Uitleg

Ongewenste intimiteiten in de zorg

Recent was het weer in het nieuws; een zorgmedewerker verklaarde dat zij, zelfs tijdens afspraken met patiënten, werd aangerand door haar collega. Daarnaast komt het helaas ook voor dat zorgmedewerkers patiënten ongewenst benaderen en vice versa. Hoe komt het dat ongewenste intimiteiten in de zorg meer lijken voor te komen?

Veilig en Vertrouwd

Wat zijn ongewenste intimiteiten?

Als eerste is het goed om duidelijk te hebben waar we over spreken. Wat is de definitie van ‘ongewenste intimiteiten’? In bepaalde gevallen zijn ongewenste intimiteiten erg duidelijk, maar in andere gevallen is dit een grijzer gebied. Los van het feit of iemand zich bewust is van zijn eigen gedrag.

Ongewenste intimiteit gaat voornamelijk over hoe bepaald gedrag (van de zender) door de ontvanger wordt ontvangen. Bij het gedrag moet je denken aan fysiek of verbaal gedrag van iemand met hierbij een seksuele of persoonlijke lading. Door de ontvanger worden deze gedragingen als ongewenst, ongepast en grensoverschrijdend ervaren. Dit gedrag kan variëren van ongewenst aanraken, opmerkingen maken met een seksuele connotatie, tot het maken van seksuele avances. Het kenmerk van ongewenste intimiteit is dat de intimiteit door de ontvanger niet gewenst is en een gevoel van onveiligheid, ongemak of intimidatie veroorzaakt.

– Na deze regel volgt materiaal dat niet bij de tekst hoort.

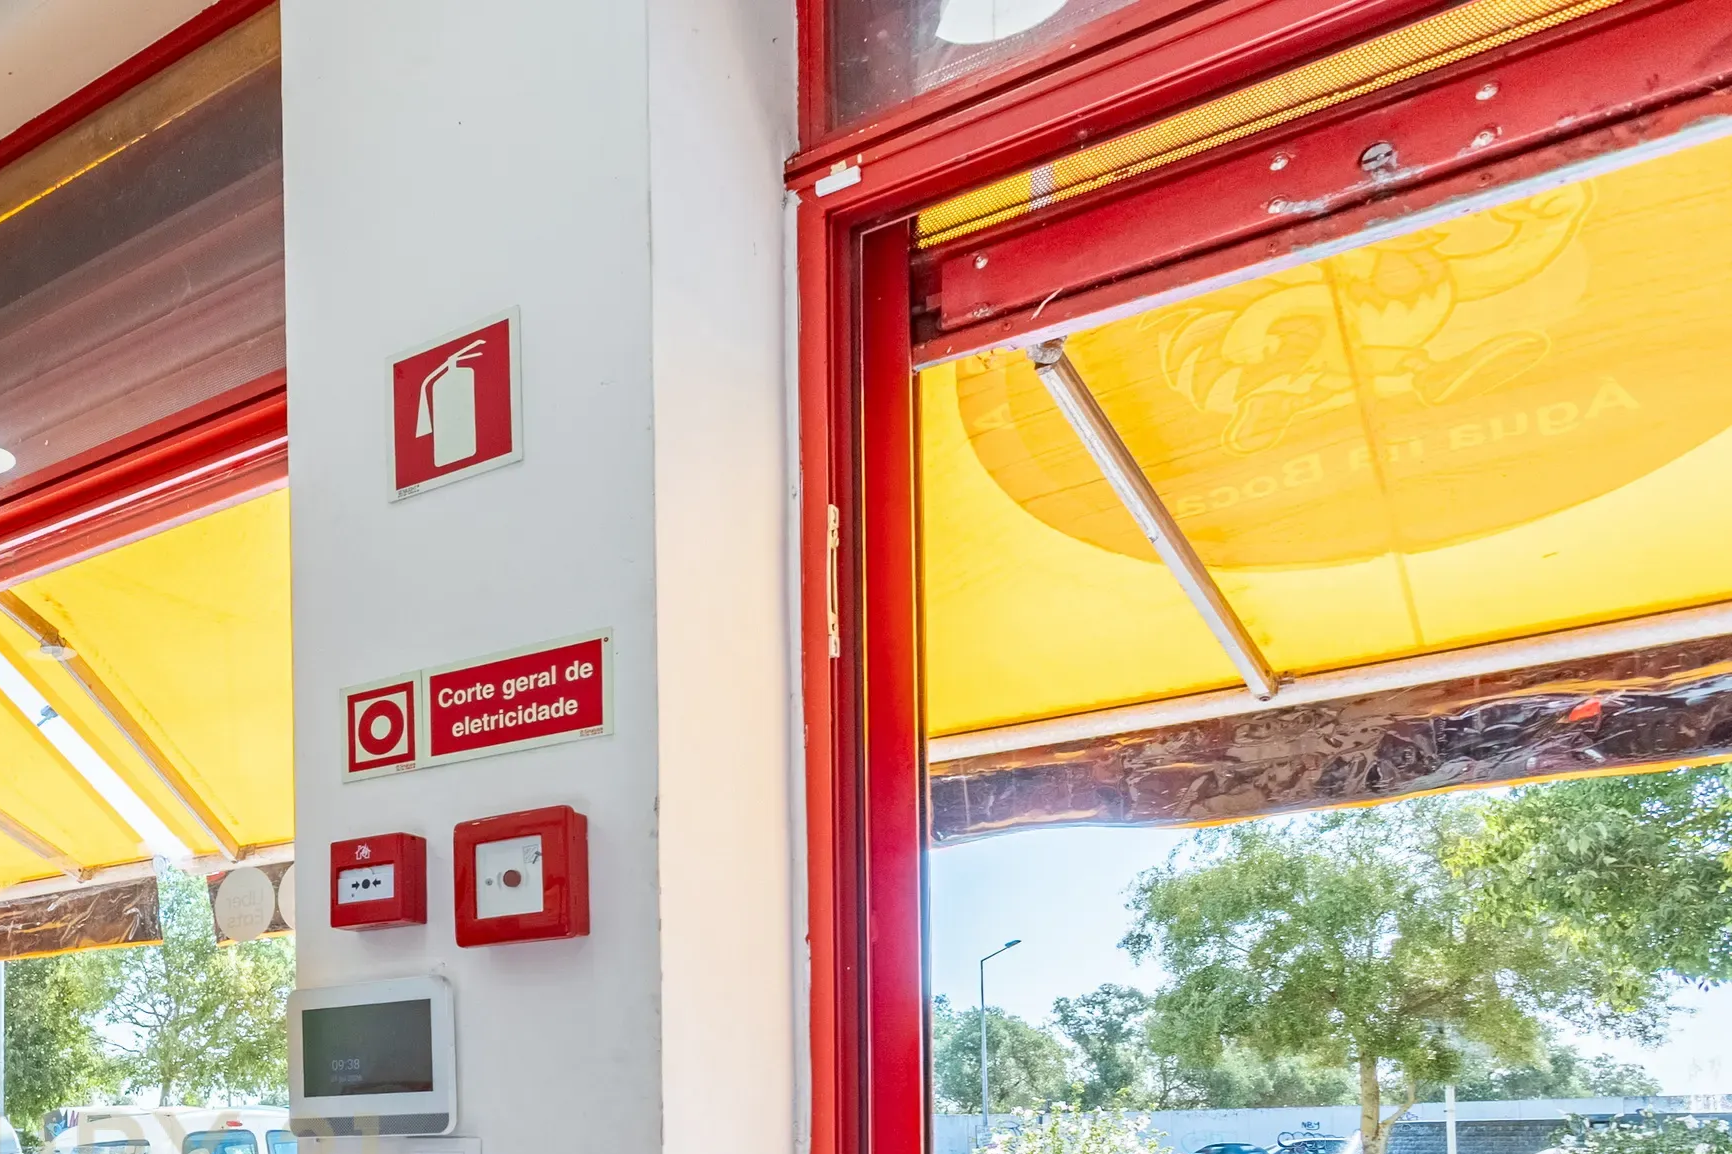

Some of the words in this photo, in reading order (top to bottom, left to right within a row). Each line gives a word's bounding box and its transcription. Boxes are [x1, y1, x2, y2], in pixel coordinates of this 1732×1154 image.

[437, 682, 495, 708] Corte
[502, 664, 557, 700] geral
[564, 660, 594, 682] de
[451, 697, 579, 738] eletricidade
[331, 1058, 360, 1071] 09:38
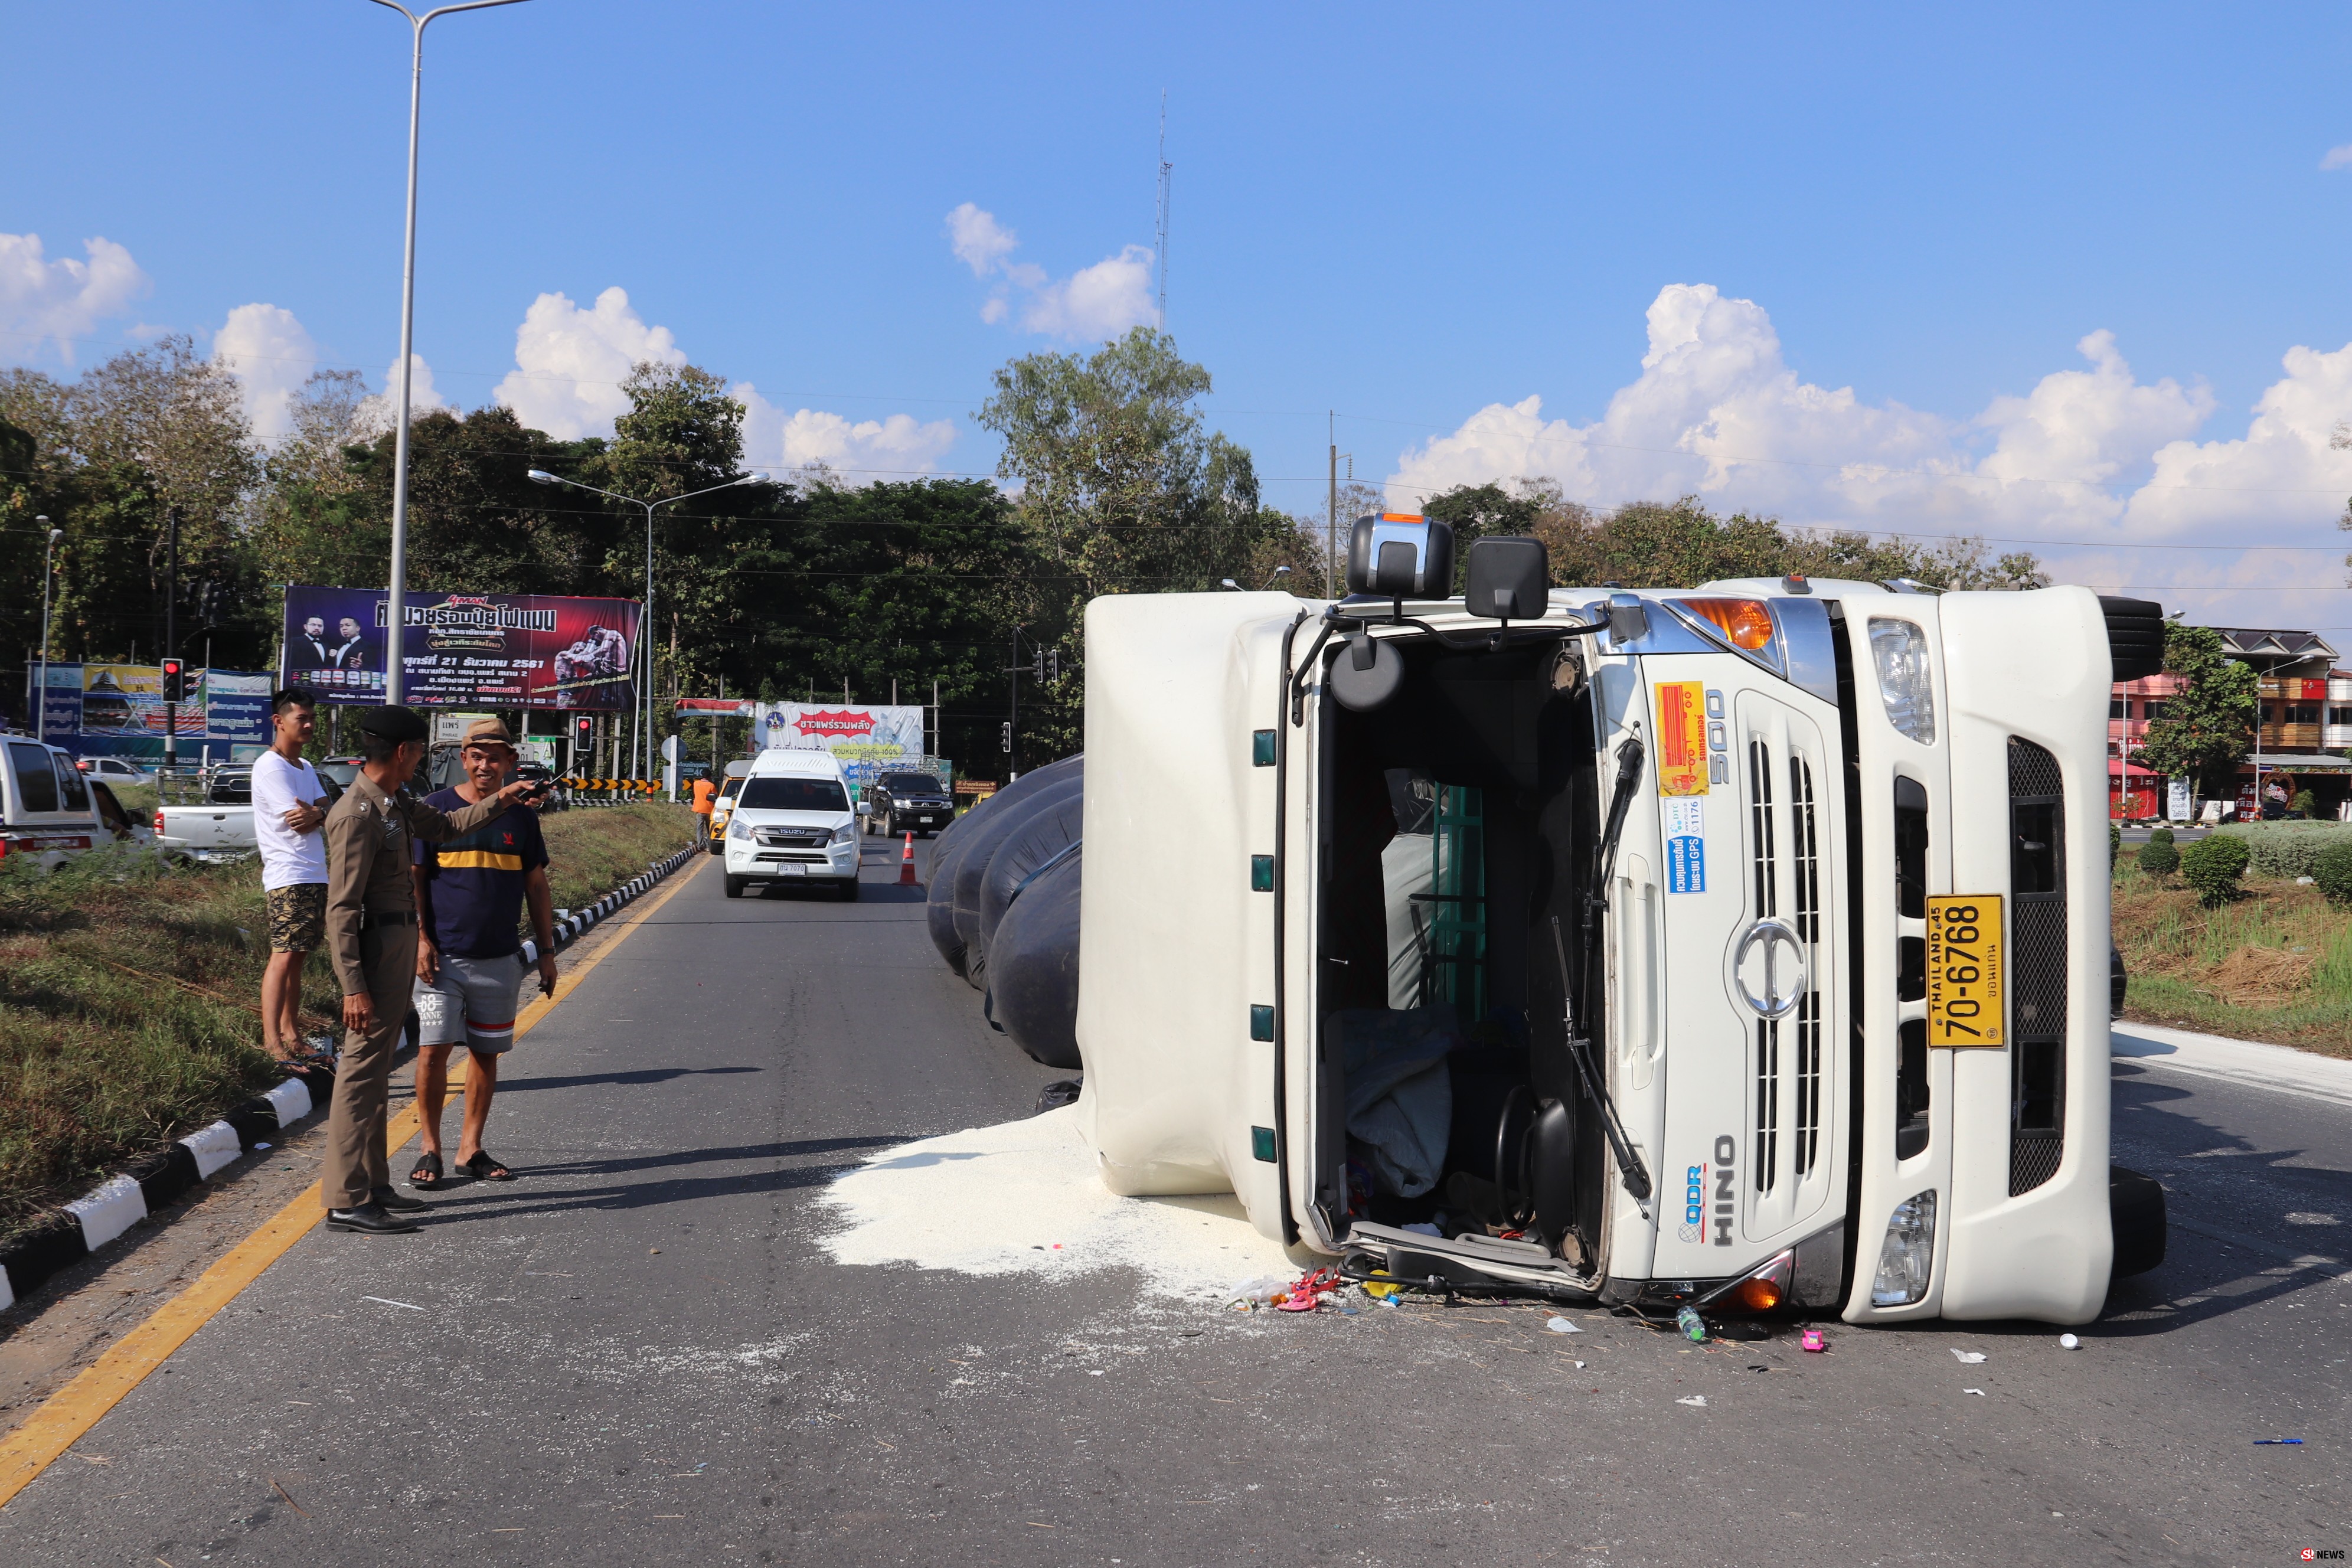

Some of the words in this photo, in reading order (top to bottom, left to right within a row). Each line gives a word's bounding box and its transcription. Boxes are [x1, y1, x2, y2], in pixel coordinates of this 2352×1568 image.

Ongewenste intimiteiten in de zorgsector kunnen plaatsvinden tussen collega’s onderling, van zorgmedewerker richting patiënt, van patiënt richting zorgmedewerker of tussen patiënten onderling. Overal waar patiënt genoemd wordt, kan ook cliënt gelezen worden.

Voorbeeld van ongewenste intimiteiten in de zorg

Bij bepaalde functies in de zorg zijn de medewerkers wel wat gewend van patiënten, door bijvoorbeeld de aandoening van deze patiënt. Denk aan onbegrensdheid door hersenletsel of ouderdom, een bepaalde manier van communiceren door een tics of een diagnose. Maar uiteraard zijn er grenzen. Daarbij komt dat ongewenste intimiteiten van beide kanten voorkomt. Patiënten kunnen ook het slachtoffer worden van zorgmedewerkers die misbruik maken van hun macht, de situatie en/of de machteloosheid van patiënten. Bijvoorbeeld de zorgmedewerker uit Breda die bejaarden met dementie verkrachtte en aanrandde.

Wanneer gaat het om ongewenste intimiteit of seksuele intimidatie? Onderstaande voorbeelden werken dan ook beide kanten op (gedragingen van zorgmedewerker of patiënt).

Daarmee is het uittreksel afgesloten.